Arctan Calculator
Find the inverse tangent of any real number. Enter a value for x to compute θ = arctan(x).
What does the arctan calculator do?
This calculator computes the inverse tangent function, often written as arctan(x) or tan-1(x). If tangent takes an angle and returns a ratio, arctan does the reverse: it takes a ratio and returns an angle.
In right-triangle terms, if you know the ratio opposite / adjacent = x, then arctan(x) gives you the angle that matches that ratio.
How arctan works
Core idea
The tangent function is periodic, so many angles can have the same tangent value. To make arctan single-valued, we use its principal range:
- Radians: from -π/2 to π/2 (not including endpoints)
- Degrees: from -90° to 90° (not including endpoints)
That means your calculator always returns the principal angle in that interval.
Formula used
The calculator uses JavaScript’s built-in numeric function:
- Radians:
Math.atan(x) - Degrees:
Math.atan(x) × 180 / π
Radians vs. degrees
Engineers and scientists frequently use radians because they simplify many calculus and physics formulas. Degrees are often more intuitive for everyday interpretation.
To help both use cases, this tool outputs both radians and degrees from the same input.
Quick examples
- arctan(1) = π/4 radians = 45°
- arctan(0) = 0 radians = 0°
- arctan(-1) = -π/4 radians = -45°
- arctan(10) ≈ 84.289°
As input magnitude gets very large, arctan approaches ±90° but never reaches it for finite x.
Where arctan is used
- Trigonometry: recovering angles from side ratios
- Physics: vector direction and slope angles
- Engineering: control systems and signal phase calculations
- Computer graphics: camera orientation and geometric transforms
- Data analysis: interpreting slopes and directional relationships
Common mistakes to avoid
1) Confusing tan and arctan
tan(angle) gives a ratio, while arctan(ratio) gives an angle. They are inverse operations, but not the same input/output type.
2) Ignoring angle units
A value like 0.785398 is radians, which equals 45°. Always check which unit you are reading.

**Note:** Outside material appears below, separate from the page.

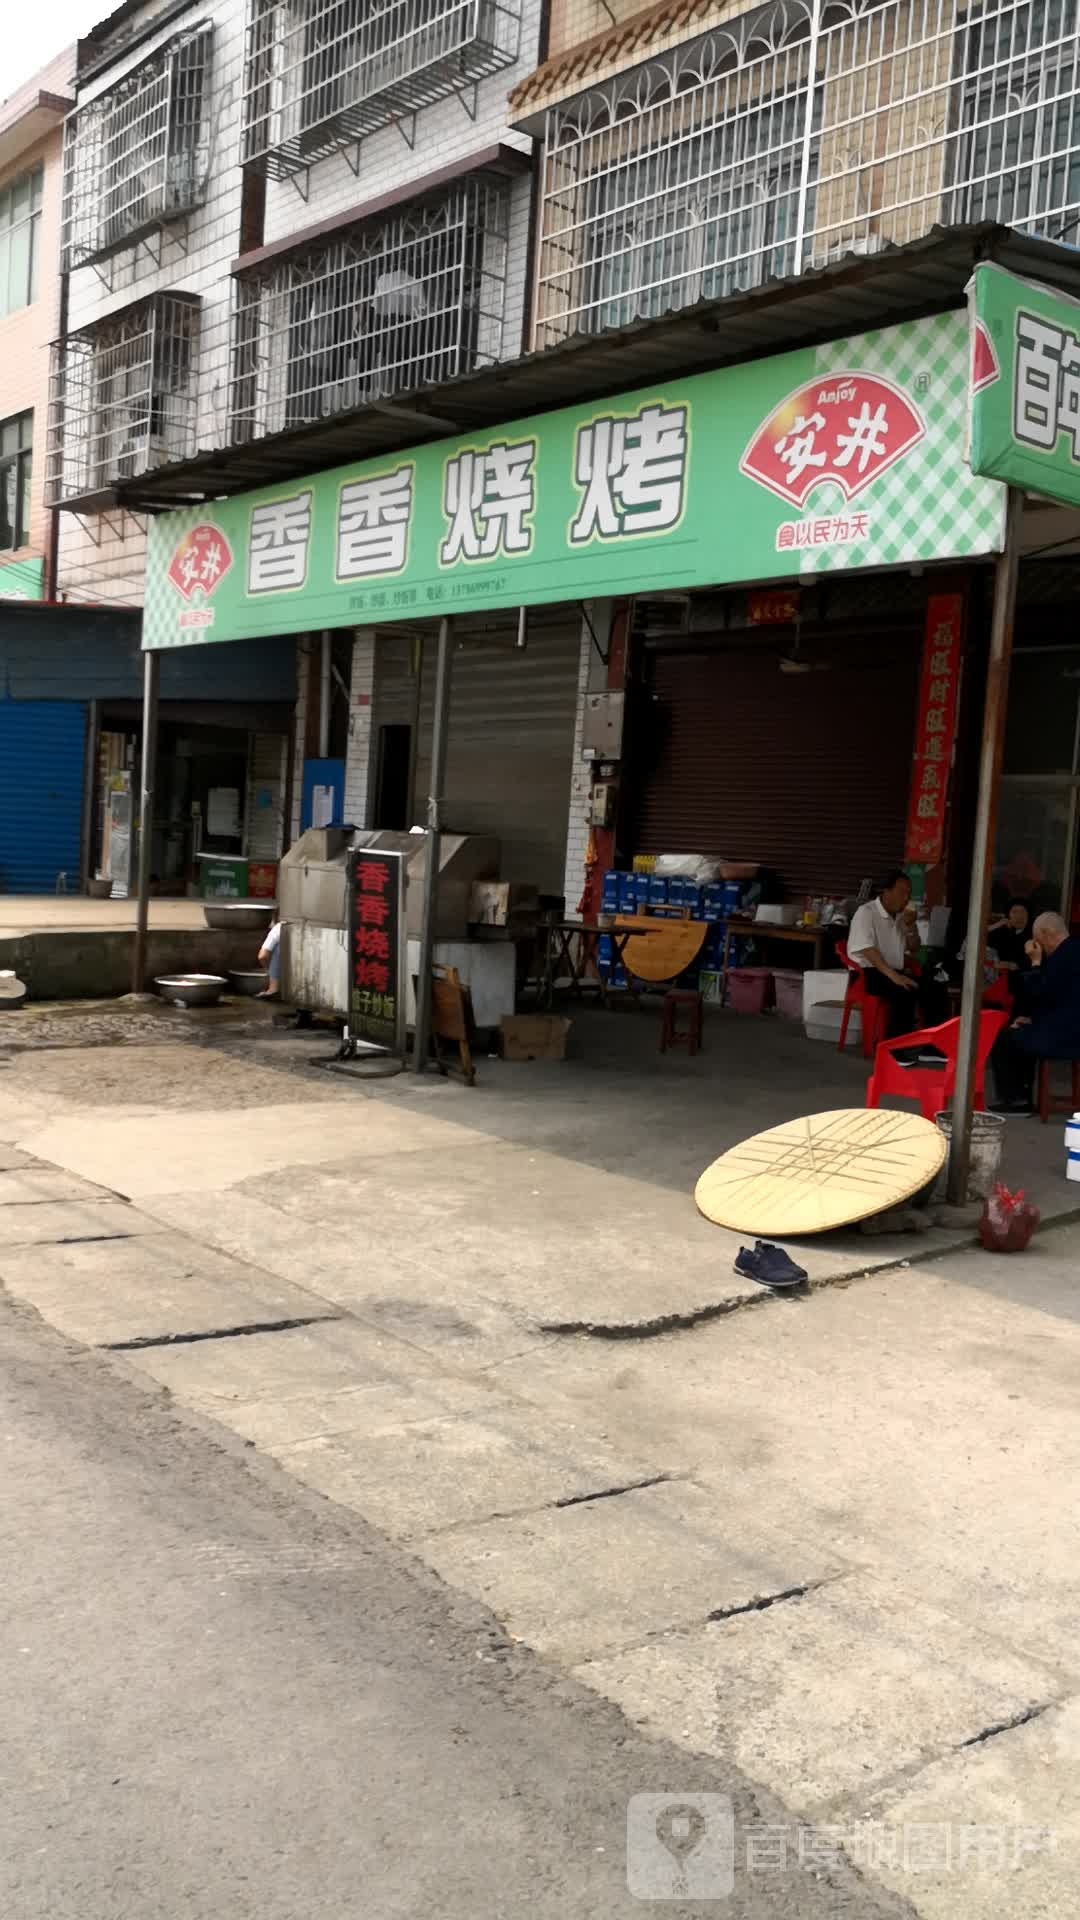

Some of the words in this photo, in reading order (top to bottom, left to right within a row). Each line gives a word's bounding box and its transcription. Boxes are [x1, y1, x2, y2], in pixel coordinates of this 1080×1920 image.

3) Expecting outputs beyond principal range
Even though many angles have the same tangent, arctan returns only the principal angle in the range (-π/2, π/2).
FAQ
Can arctan return exactly 90°?
No. For finite input, arctan approaches 90° but does not equal it.
Is tan-1(x) the same as 1/tan(x)?
No. tan-1(x) means inverse tangent (arctan), not reciprocal tangent. The reciprocal of tangent is cotangent.
Can I enter expressions like pi/4?
Yes. This calculator accepts simple arithmetic expressions and the constant pi (or π).